**Information shown:**
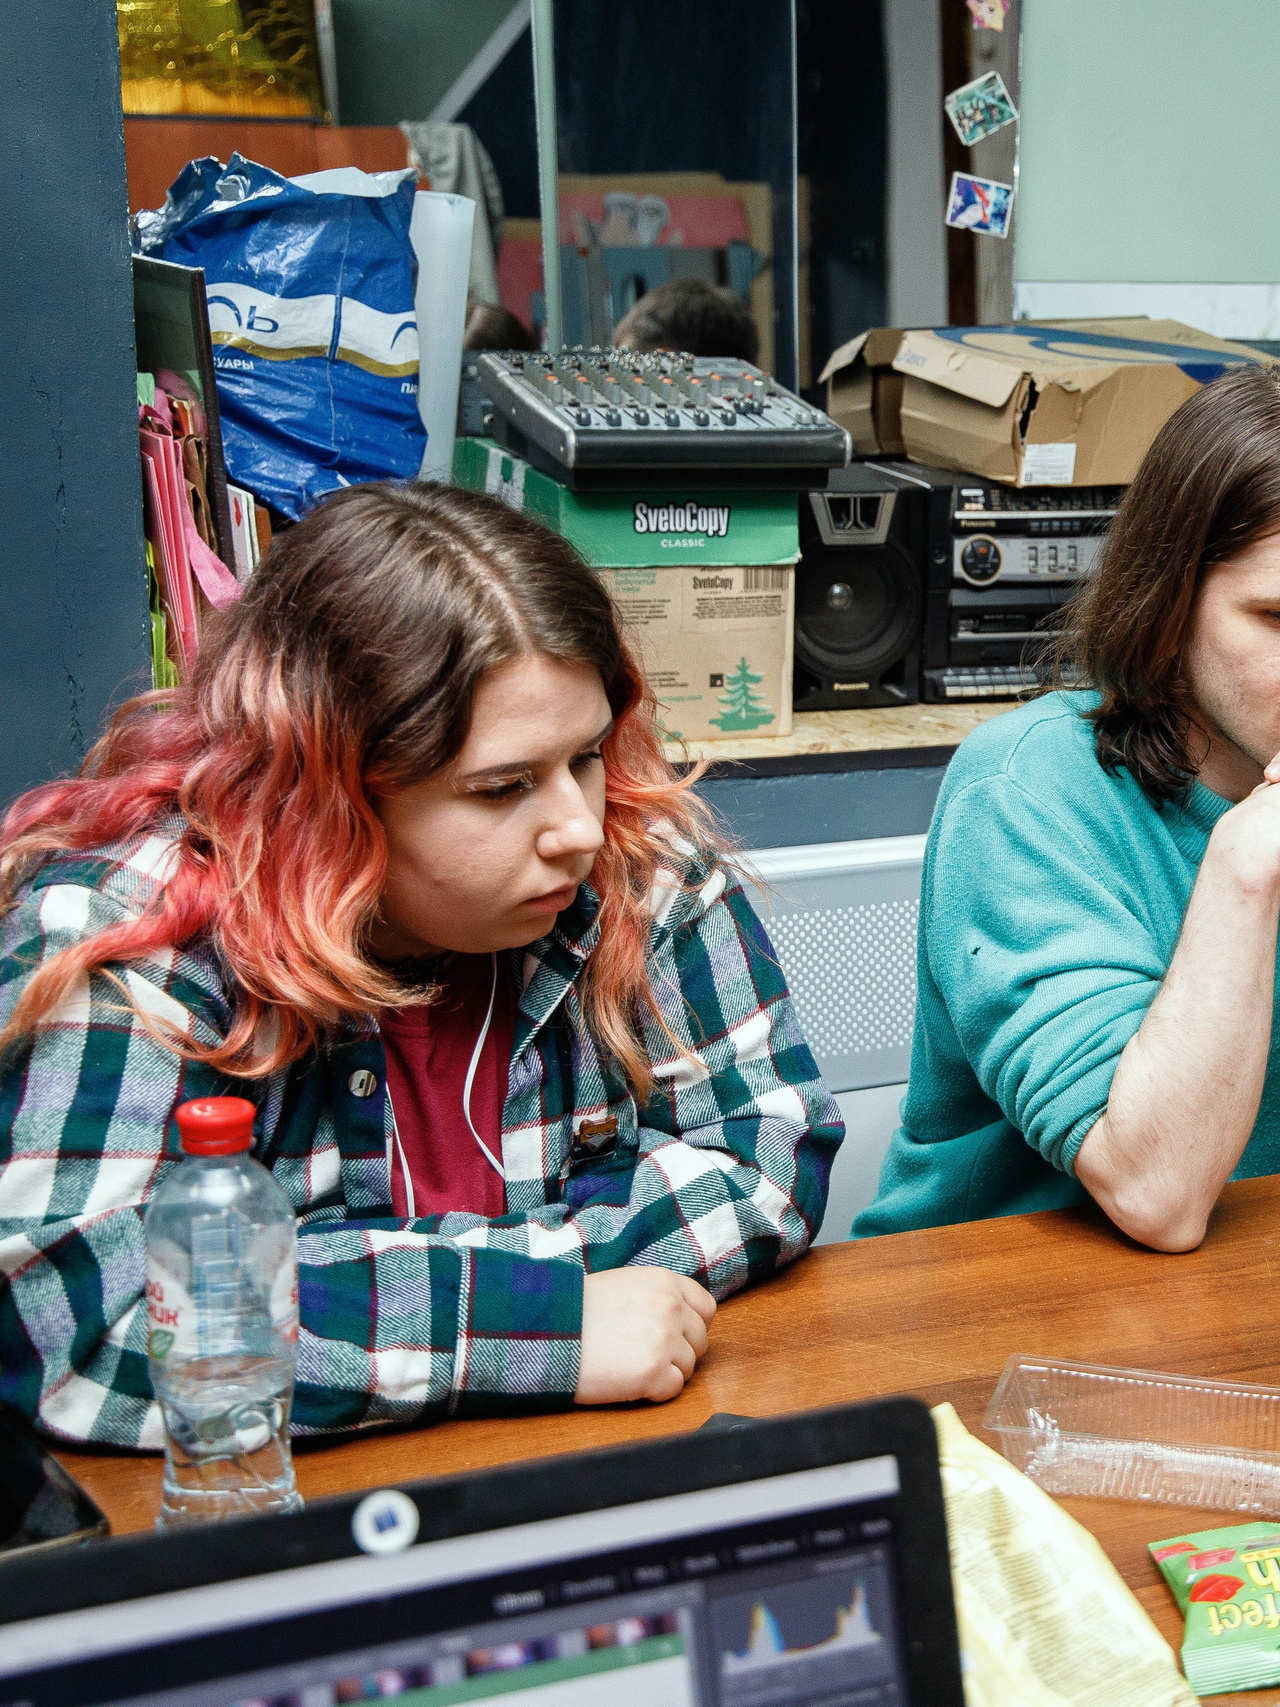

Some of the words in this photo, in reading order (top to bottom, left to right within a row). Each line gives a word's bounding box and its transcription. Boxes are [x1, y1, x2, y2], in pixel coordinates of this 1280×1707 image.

[633, 500, 730, 538] SvetoCopy
[660, 538, 706, 549] CLASSIC
[692, 574, 734, 591] SvetoCopy
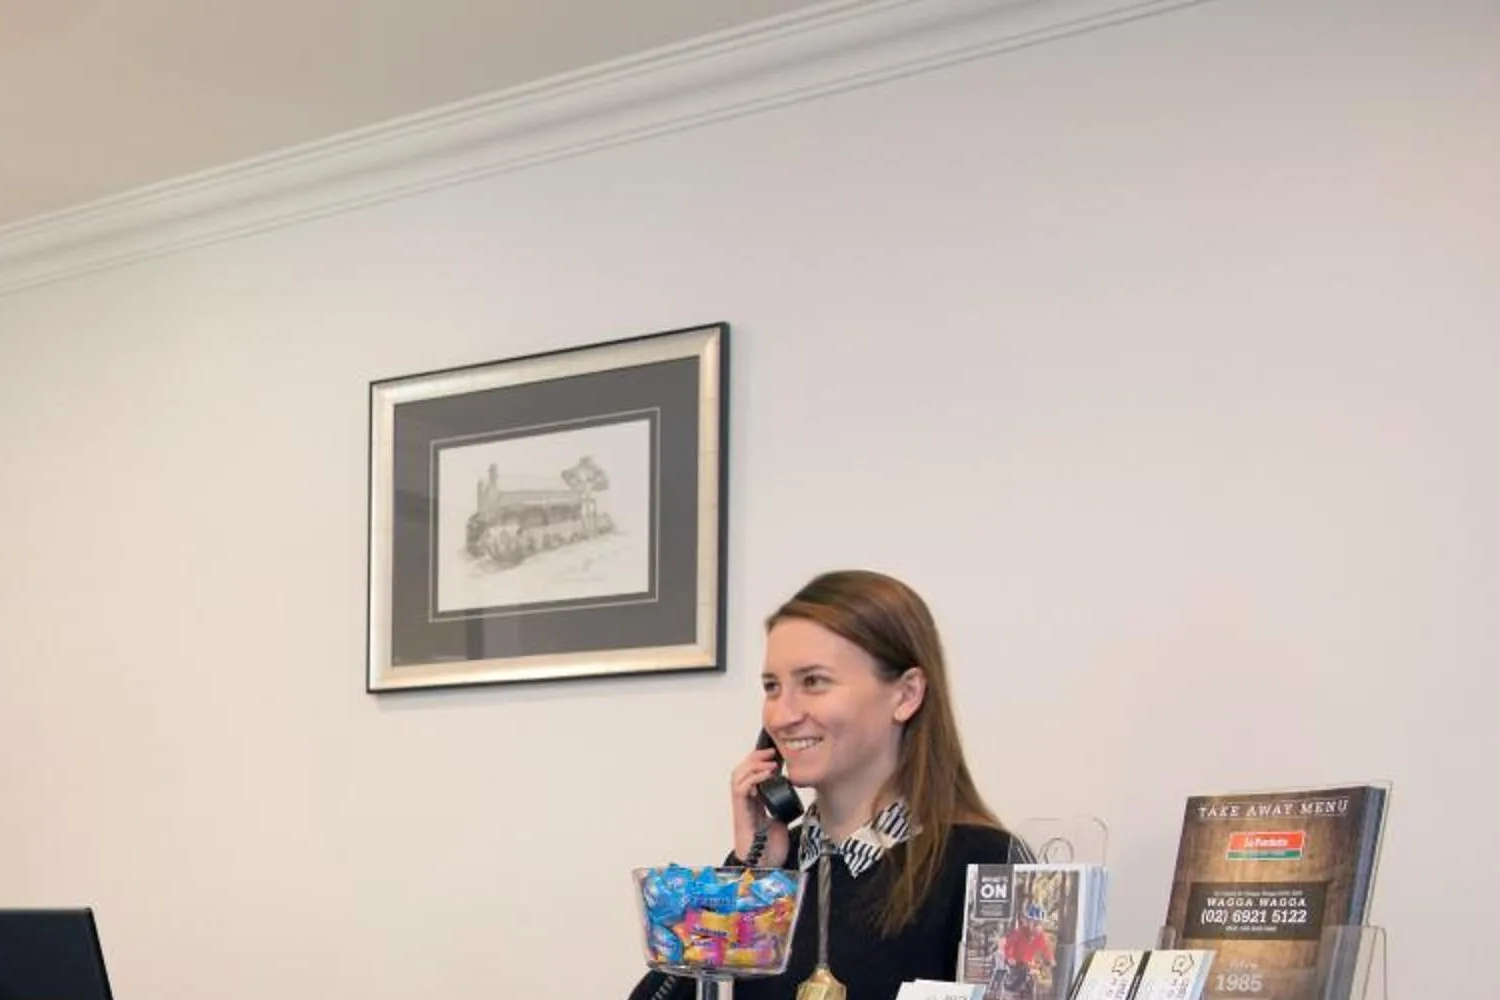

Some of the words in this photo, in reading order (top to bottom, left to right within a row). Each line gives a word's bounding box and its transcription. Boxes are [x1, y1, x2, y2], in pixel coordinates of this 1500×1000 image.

[1197, 804, 1239, 818] TAKE
[1246, 802, 1293, 817] AWAY
[1300, 799, 1348, 815] MENU
[980, 883, 1007, 899] ON
[1207, 897, 1253, 907] WAGGA
[1259, 897, 1307, 907] WAGGA
[1201, 909, 1229, 925] (02)
[1232, 909, 1267, 924] 6921
[1271, 909, 1308, 923] 5122
[1215, 972, 1264, 993] 1985
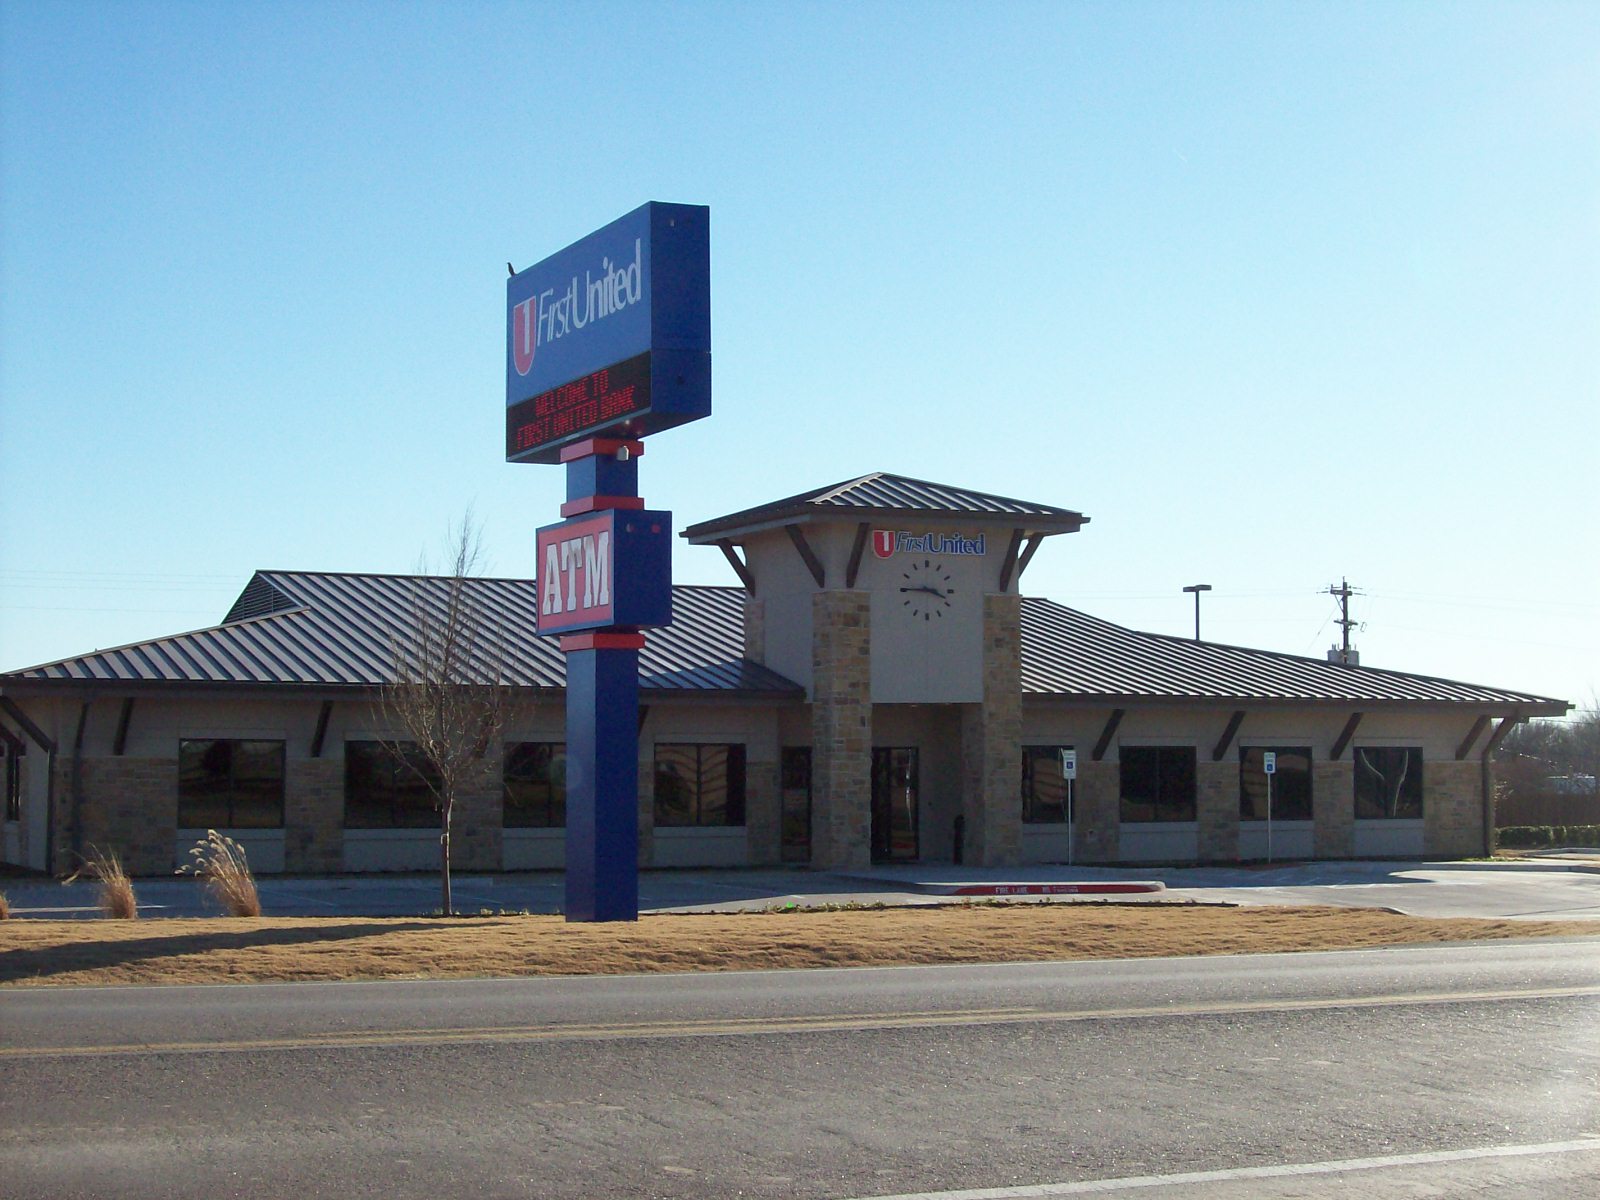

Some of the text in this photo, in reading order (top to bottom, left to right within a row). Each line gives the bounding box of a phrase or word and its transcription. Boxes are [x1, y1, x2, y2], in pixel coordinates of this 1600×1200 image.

**Directions for this task:** Leave out the pictures and output every record above precisely as given.

**Task response:**
Some of the words in this photo, in reading order (top to bottom, left to right within a row). Each line gives a word's bounding box and its transcription. Boxes are [x1, y1, x2, y2], in pixel coordinates of this 1280×1707 image.

[633, 500, 730, 538] SvetoCopy
[660, 538, 706, 549] CLASSIC
[692, 574, 734, 591] SvetoCopy

Some of the words in this photo, in reading order (top to bottom, left to right within a row). Each line gives a word's bounding box and its transcription. Boxes are [x1, y1, x2, y2], in pixel coordinates of this 1500×1000 image.

[1197, 804, 1239, 818] TAKE
[1246, 802, 1293, 817] AWAY
[1300, 799, 1348, 815] MENU
[980, 883, 1007, 899] ON
[1207, 897, 1253, 907] WAGGA
[1259, 897, 1307, 907] WAGGA
[1201, 909, 1229, 925] (02)
[1232, 909, 1267, 924] 6921
[1271, 909, 1308, 923] 5122
[1215, 972, 1264, 993] 1985

Some of the text in this photo, in reading order (top to bottom, left to right within a row). Each line gives the bounding box of a phrase or word and its transcription. Boxes are [x1, y1, x2, y2], in pixel coordinates of this 1600×1200 image.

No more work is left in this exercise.